Link: https://lore.kernel.org/all/[email protected]/
Signed-off-by: Oleg Nesterov <[email protected]>
---
include/linux/poll.h | 10 +++++++++-
1 file changed, 9 insertions(+), 1 deletion(-)
diff --git a/include/linux/poll.h b/include/linux/poll.h
index d1ea4f3714a8..fc641b50f129 100644
--- a/include/linux/poll.h
+++ b/include/linux/poll.h
@@ -41,8 +41,16 @@ typedef struct poll_table_struct {
static inline void poll_wait(struct file * filp, wait_queue_head_t * wait_address, poll_table *p)
{
- if (p && p->_qproc && wait_address)
+ if (p && p->_qproc && wait_address) {
p->_qproc(filp, wait_address, p);
+ /*
+ * This memory barrier is paired in the wq_has_sleeper().
+ * See the comment above prepare_to_wait(), we need to
+ * ensure that subsequent tests in this thread can't be
+ * reordered with __add_wait_queue() in _qproc() paths.
+ */
+ smp_mb();
+ }
}
/*
--
2.25.1.362.g51ebf55
^ permalink raw reply related [flat|nested] 10+ messages in thread
* [PATCH 2/5] poll_wait: kill the obsolete wait_address check
2025-01-07 16:26 [PATCH 0/5] poll_wait: add mb() to fix theoretical race between waitqueue_active() and .poll() Oleg Nesterov
2025-01-07 16:27 ` [PATCH 1/5] " Oleg Nesterov
@ 2025-01-07 16:27 ` Oleg Nesterov
2025-01-07 16:27 ` [PATCH 3/5] io_uring_poll: kill the no longer necessary barrier after poll_wait() Oleg Nesterov
` (4 subsequent siblings)
6 siblings, 0 replies; 10+ messages in thread
From: Oleg Nesterov @ 2025-01-07 16:27 UTC (permalink / raw)
To: Christian Brauner, Linus Torvalds, Manfred Spraul
Cc: David S. Miller, Eric Dumazet, Jens Axboe, Pavel Begunkov,
WangYuli, linux-kernel, io-uring, netdev
This check is historical and no longer needed, wait_address is never NULL.
These days we rely on the poll_table->_qproc check.

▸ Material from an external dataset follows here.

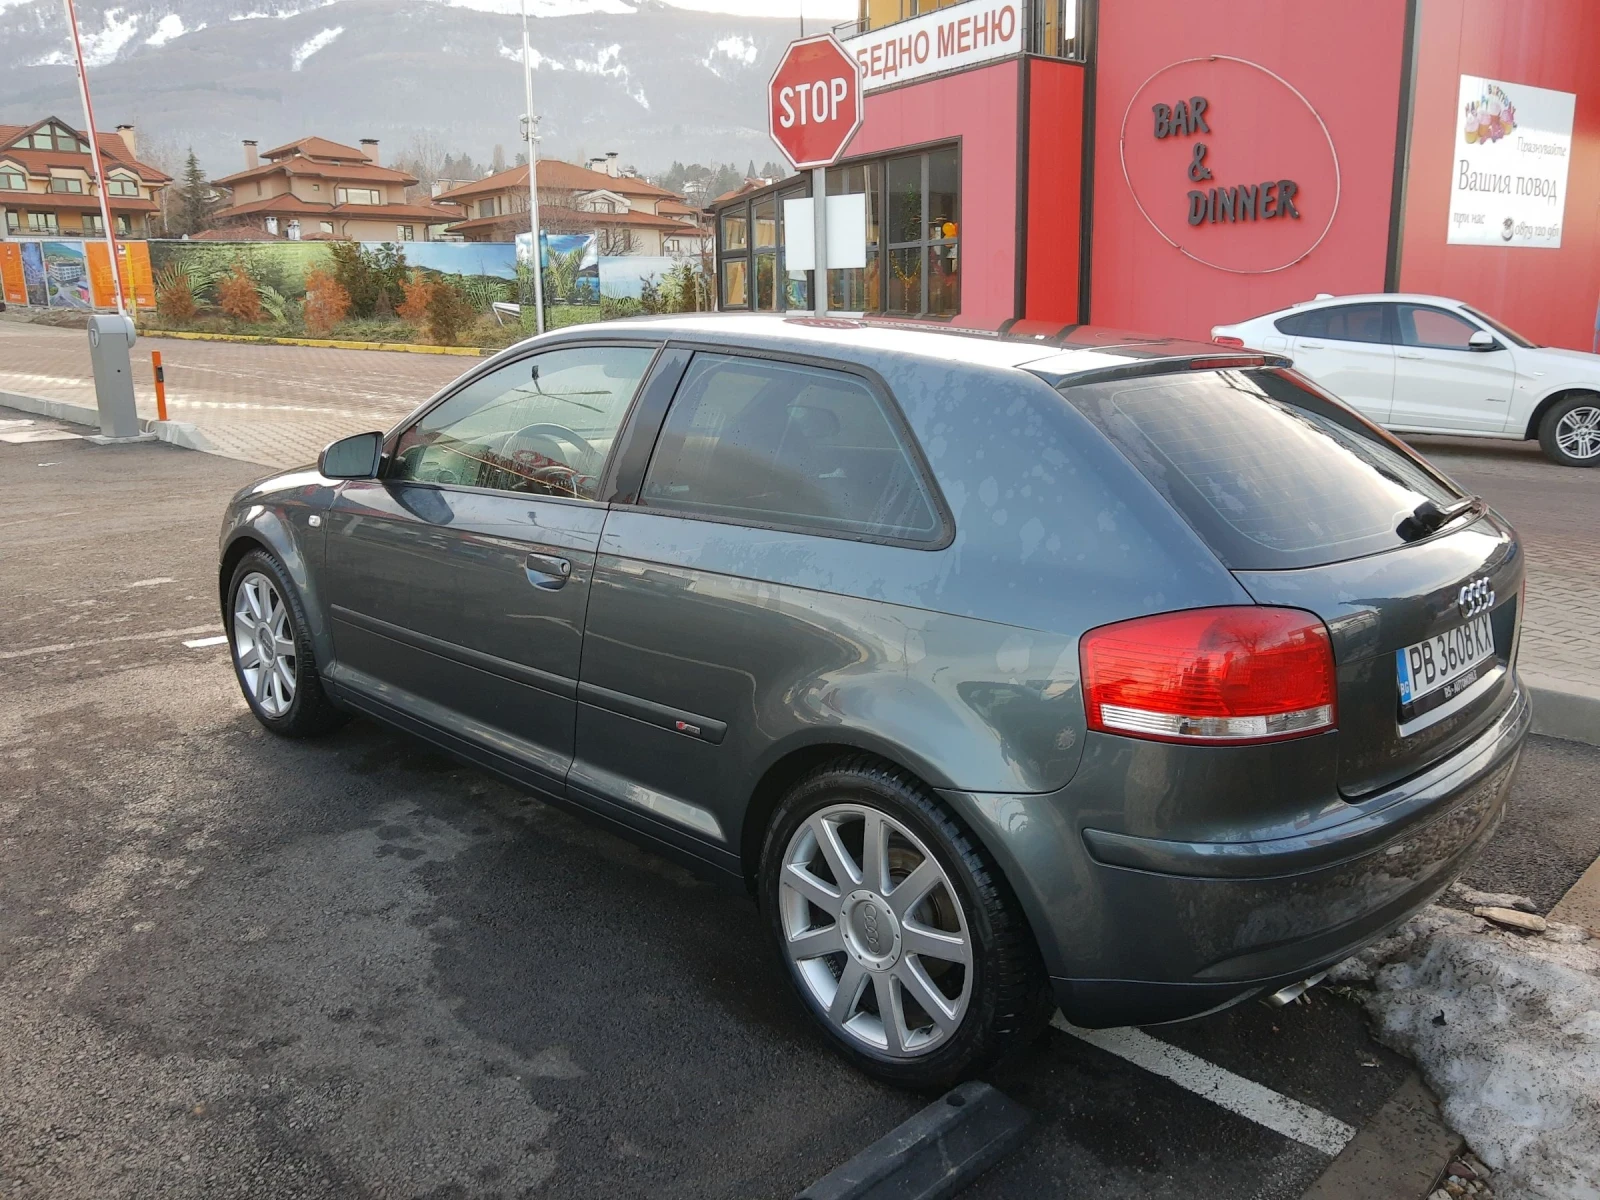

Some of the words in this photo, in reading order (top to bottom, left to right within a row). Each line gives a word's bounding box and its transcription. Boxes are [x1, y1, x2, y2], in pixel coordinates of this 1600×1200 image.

NULL if select/poll
is not going to sleep, or it already has a data to report, or all waiters
have already been registered after the 1st iteration.

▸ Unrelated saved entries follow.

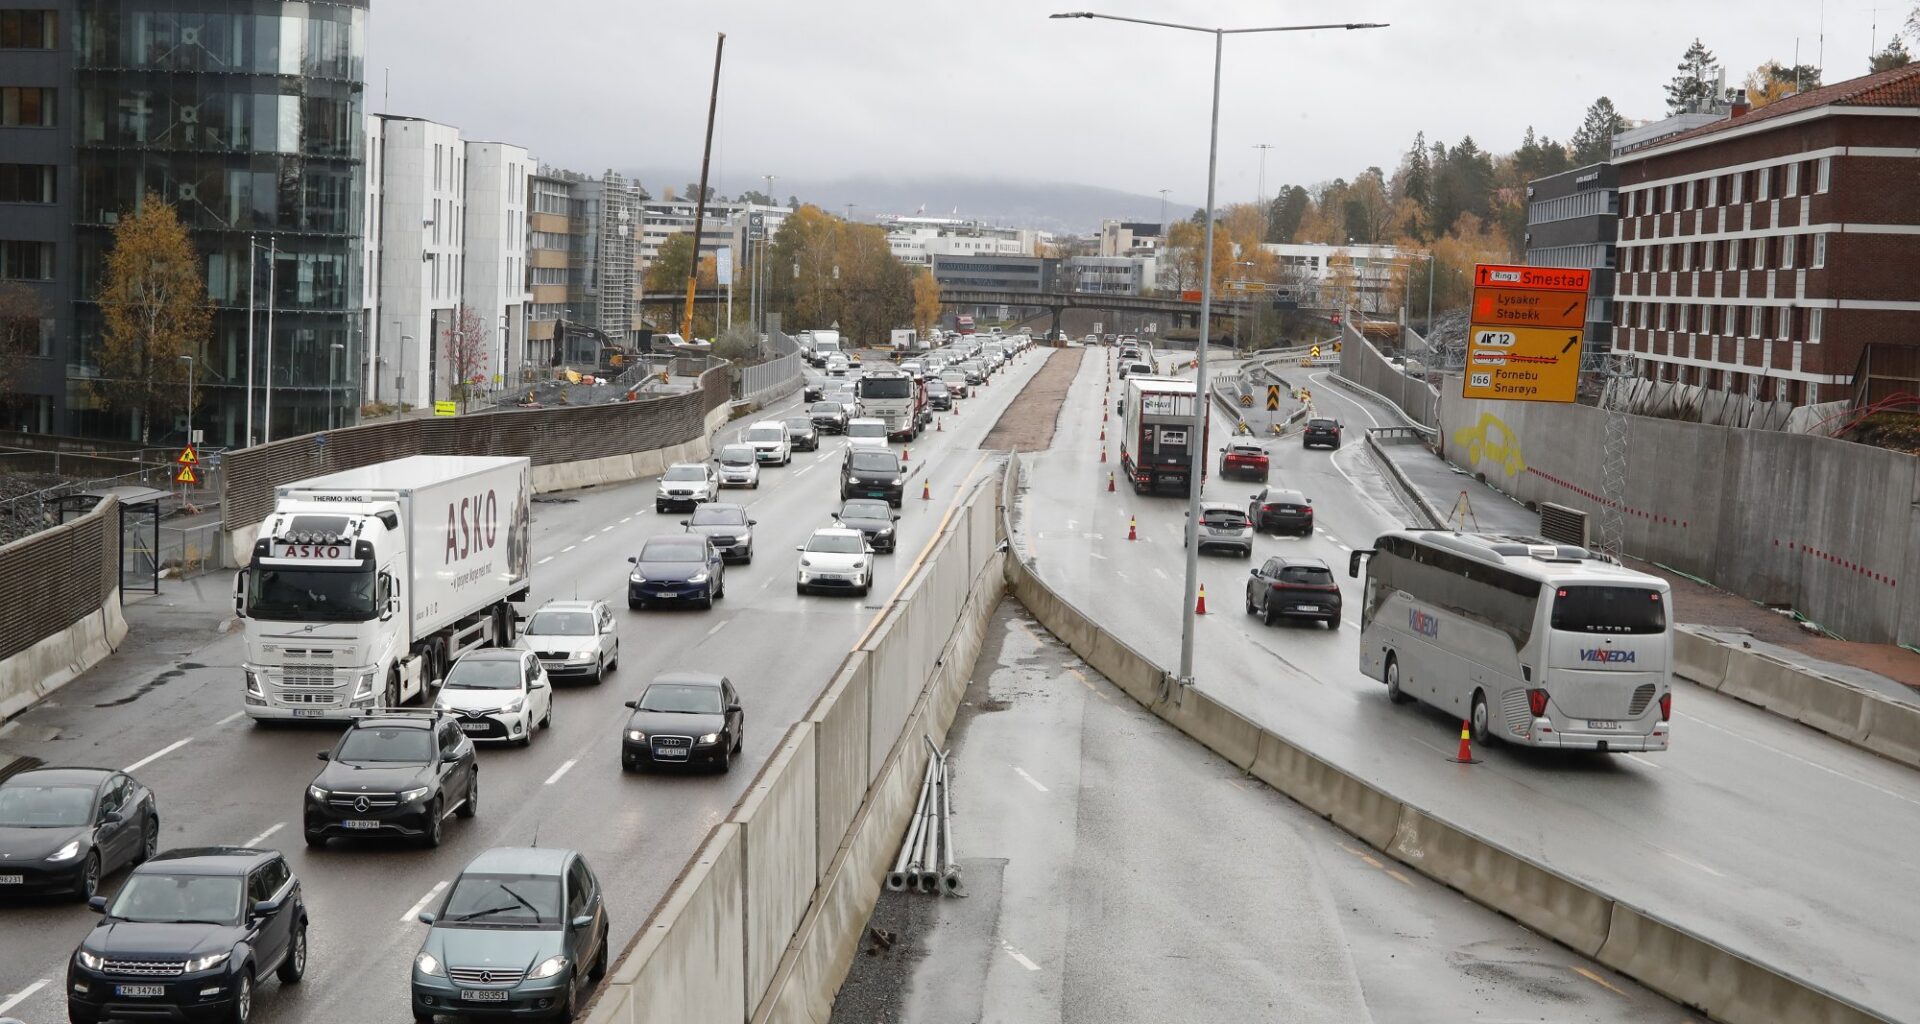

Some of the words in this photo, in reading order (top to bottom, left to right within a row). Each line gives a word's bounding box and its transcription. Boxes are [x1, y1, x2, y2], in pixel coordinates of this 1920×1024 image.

[1495, 272, 1512, 280] Ring
[1522, 271, 1584, 287] Smestad
[1497, 293, 1540, 306] Lysaker
[1496, 308, 1540, 320] Stabekk
[1499, 333, 1510, 345] 12
[1472, 375, 1489, 385] 166
[1495, 369, 1538, 380] Fornebu
[1494, 382, 1537, 396] Snarøya
[445, 489, 497, 565] ASKO
[285, 545, 340, 559] ASKO
[122, 986, 133, 994] ZH
[137, 986, 163, 995] 34768
[463, 990, 474, 999] AX
[479, 991, 506, 1000] 89351

However, poll_table *p can be NULL, see p9_fd_poll() for example, so we
can't remove the "p != NULL" check.
Link: https://lore.kernel.org/all/[email protected]/
Signed-off-by: Oleg Nesterov <[email protected]>
---
include/linux/poll.h | 2 +-
1 file changed, 1 insertion(+), 1 deletion(-)
diff --git a/include/linux/poll.h b/include/linux/poll.h
index fc641b50f129..57b6d1ccd8bf 100644
--- a/include/linux/poll.h
+++ b/include/linux/poll.h
@@ -41,7 +41,7 @@ typedef struct poll_table_struct {
static inline void poll_wait(struct file * filp, wait_queue_head_t * wait_address, poll_table *p)
{
- if (p && p->_qproc && wait_address) {
+ if (p && p->_qproc) {
p->_qproc(filp, wait_address, p);
/*
* This memory barrier is paired in the wq_has_sleeper().
--
2.25.1.362.g51ebf55
^ permalink raw reply related [flat|nested] 10+ messages in thread
* [PATCH 3/5] io_uring_poll: kill the no longer necessary barrier after poll_wait()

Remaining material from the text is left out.